Ed è appunto da questa angolazione che Carta – per sua storia piuttosto lontana dal sistema politico – ha deciso di affrontare questo tornante. A cominciare dalla domanda fondamentale, che ha strisciato in questi mesi nelle orecchie di molta gente: “Ma tu ci vai a votare?”. E’ il titolo del nostro settimanale in edicola da lunedì 3 aprile, a pochi giorni dal voto. Abbiamo interpellato molta gente con due caratteristiche: il fatto che sono attive, ciascuna a suo modo, nella società civile; il fatto che non sono direttamente legate a partiti [altrimenti la replica sarebbe ovvia]. Leggerete le loro risposte. E anche quelle di un acuto analista dei flussi elettorali [firma i resoconti dei sondaggi sulla Repubblica], nonché dei movimenti sociali, il docente milanese Roberto Biorcio.
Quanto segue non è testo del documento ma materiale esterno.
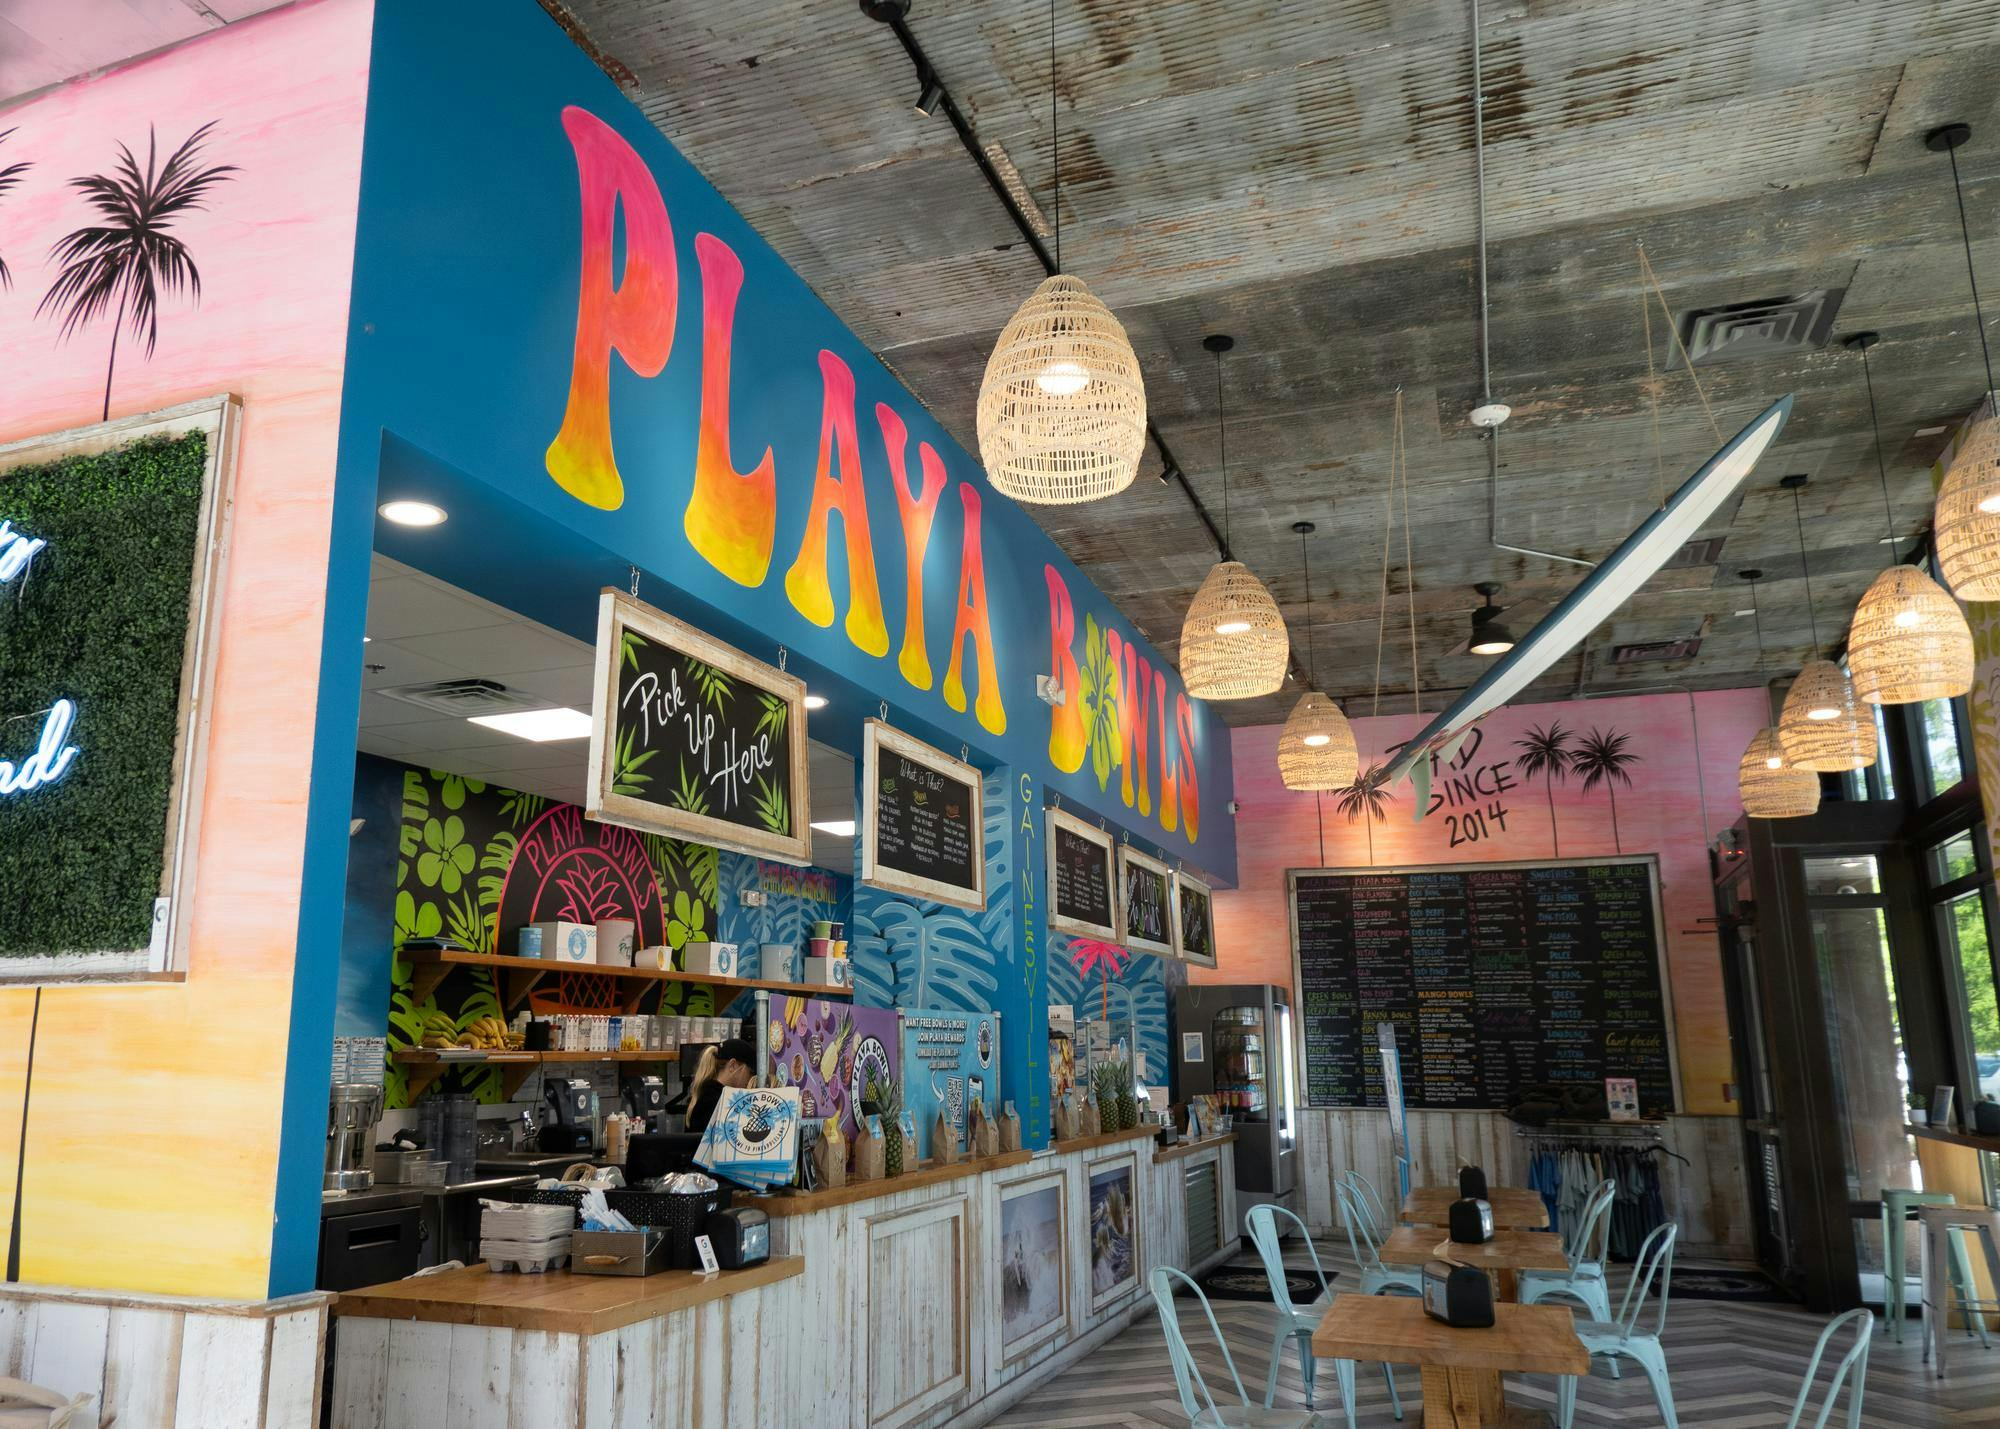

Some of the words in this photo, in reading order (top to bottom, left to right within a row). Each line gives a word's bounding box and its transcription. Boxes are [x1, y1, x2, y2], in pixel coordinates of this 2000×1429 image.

[545, 104, 1006, 735] PLAYA
[623, 668, 686, 747] Pick
[684, 712, 715, 774] Up
[710, 727, 773, 815] Here
[900, 758, 917, 782] What
[926, 771, 944, 793] That?
[1445, 800, 1508, 848] 2014
[525, 806, 584, 878] PLAYA
[599, 823, 656, 910] BOWLS
[1529, 869, 1576, 880] SMOOTHIES
[1587, 867, 1610, 877] FRESH
[1615, 866, 1645, 876] JUICES
[1020, 773, 1040, 1139] GAINESVILLE
[1307, 991, 1328, 1001] GREEN
[1332, 992, 1353, 1000] BOWLS
[1418, 991, 1447, 999] MANGO
[905, 1018, 919, 1028] WANT
[920, 1018, 932, 1028] FREE
[932, 1019, 948, 1028] BOWLS
[952, 1020, 967, 1029] MORE?
[918, 1032, 929, 1042] JOIN
[929, 1033, 943, 1042] PLAYA
[944, 1034, 965, 1043] REWARDS
[854, 1044, 870, 1081] PLAYA
[873, 1041, 889, 1081] BOWLS
[734, 1095, 759, 1114] PLAYA
[760, 1094, 786, 1113] BOWLS
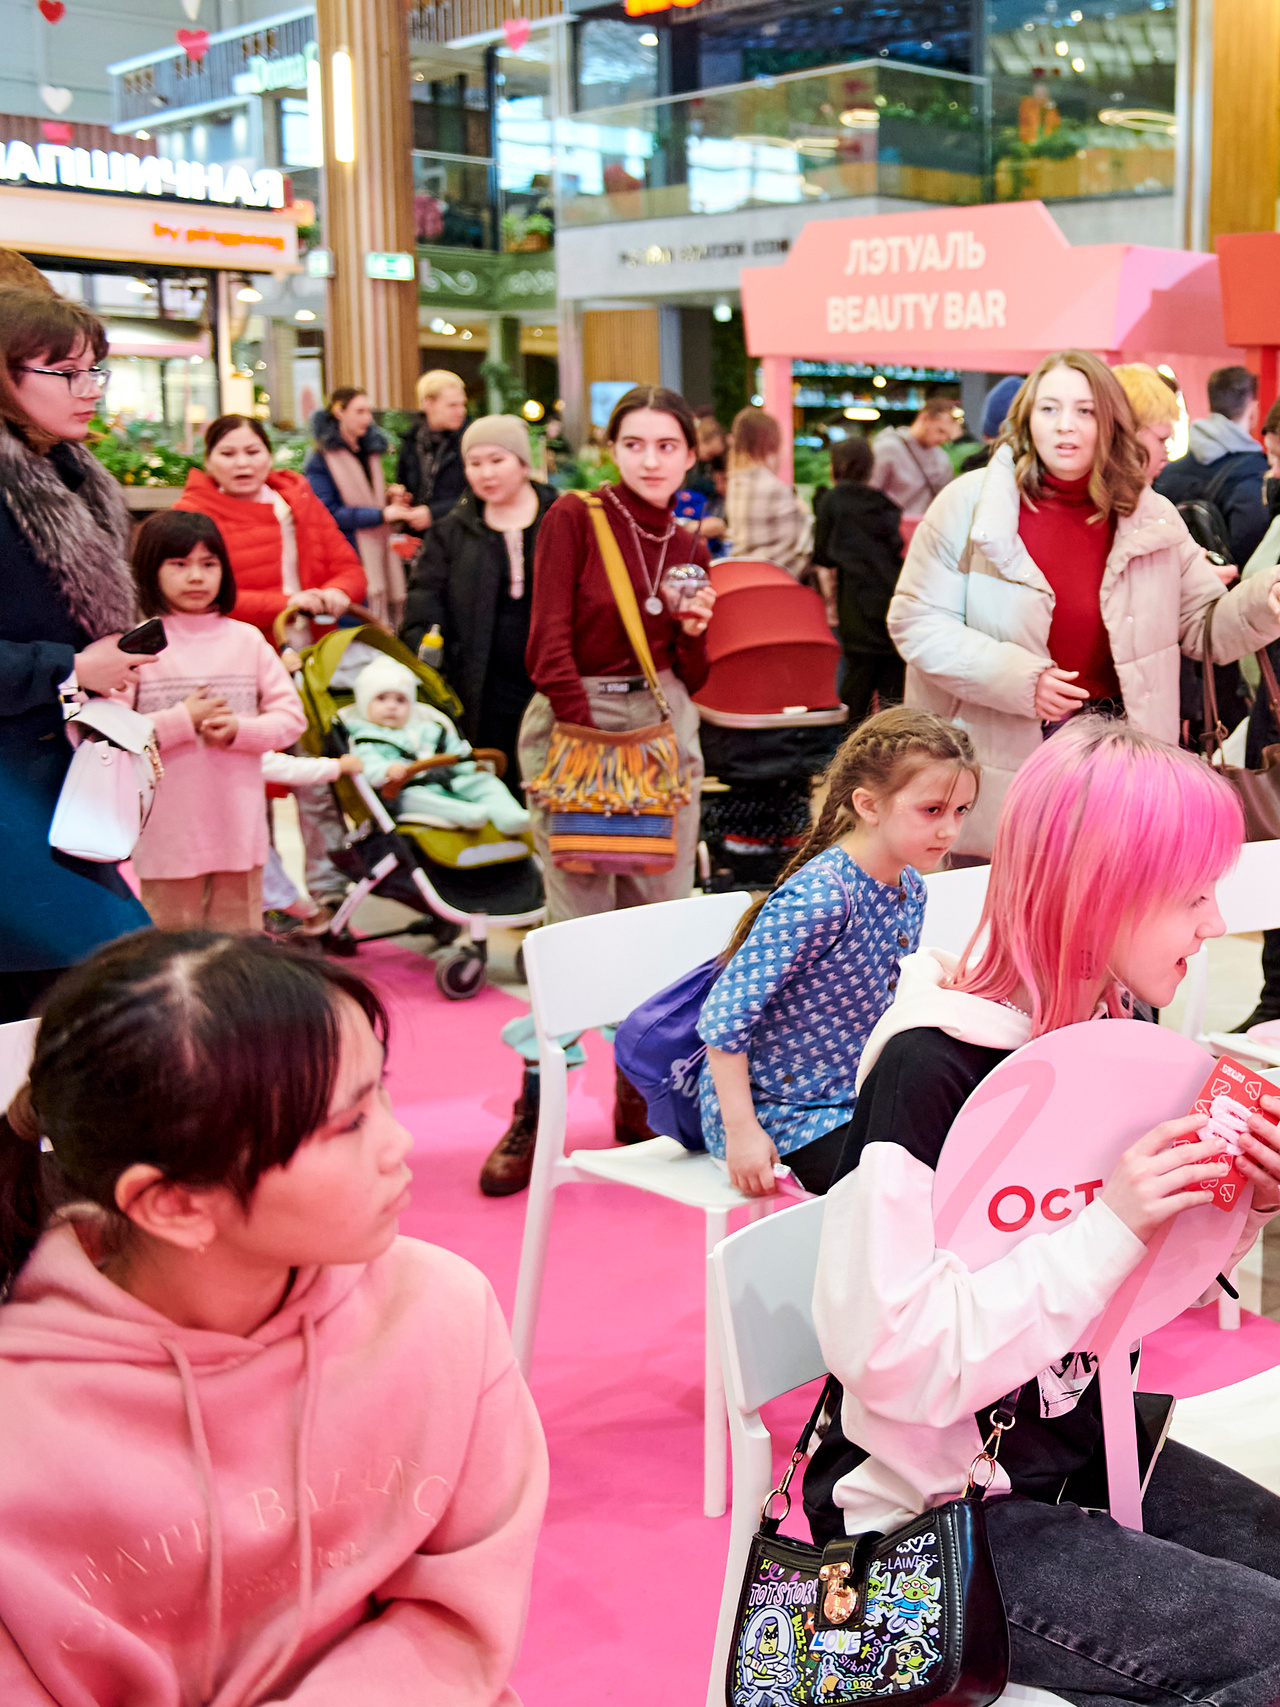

Giusto per farsi un’idea di quel che probabilmente accadrà nelle urne e che rapporto abbia questo con la società.
Dopo di che, sempre lunedì, andrà in edicola il nostro supplemento mensile, Carta Etc., che propone – sempre nello sforzo di capire quanto di umano vi sia in un evento politico elettorale, o sotto di esso – un “romanzo collettivo”: diciassette scrittori che raccontano il giorno delle elezioni, o il giorno prima o quello dopo, con quello sguardo che solo un narratore può avere [e grazie a Lanfranco Caminiti per aver coordinato il tutto]. In più, sempre nel mensile, troverete una lunga chiacchierata con Paolo Rossi, la cui domanda ricorrente ci riporta da capo: “Quanto Berlusconi è rimasto in noi?”. Perché, aggiunge, “il berlusconismo è un virus”.
Poi, prendete nota per favore, Carta settimanale sarà in edicola – numero molto speciale – sabato 8 aprile, il giorno prima del voto.
Stati d’animo, atmosfere, dubbi, scenari urbani, teatro di cittadinanza, ironie e depressioni, sforzi di immaginazione, dibattiti aperti… Cos’altro abbiamo, per arrivare a quella cabina elettorale, domenica 9 e il giorno dopo, senza perdere di vista l’essenziale [mandar via Berlusconi] e con una certa leggerezza [che deriverebbe dalla speranza che un nuovo governo dell’Unione troverà un interlocutore critico e autonomo nella società civile più organizzata]?
Noi ci speriamo. Anzi, siamo convinti che la vera partita si comincerà a giocarla dall’11 aprile in poi, magari senza tanti clamori ma con molta più serietà. Come quella di chi – a Terra futura e in mille altre occasioni – si chiede come fermare lo schiacciasassi dell’economia e cosa e come costruire, grazie a quale democrazia, sui luoghi che ha salvato. Contiamo che il nostro lavoro sarà utile, per questo.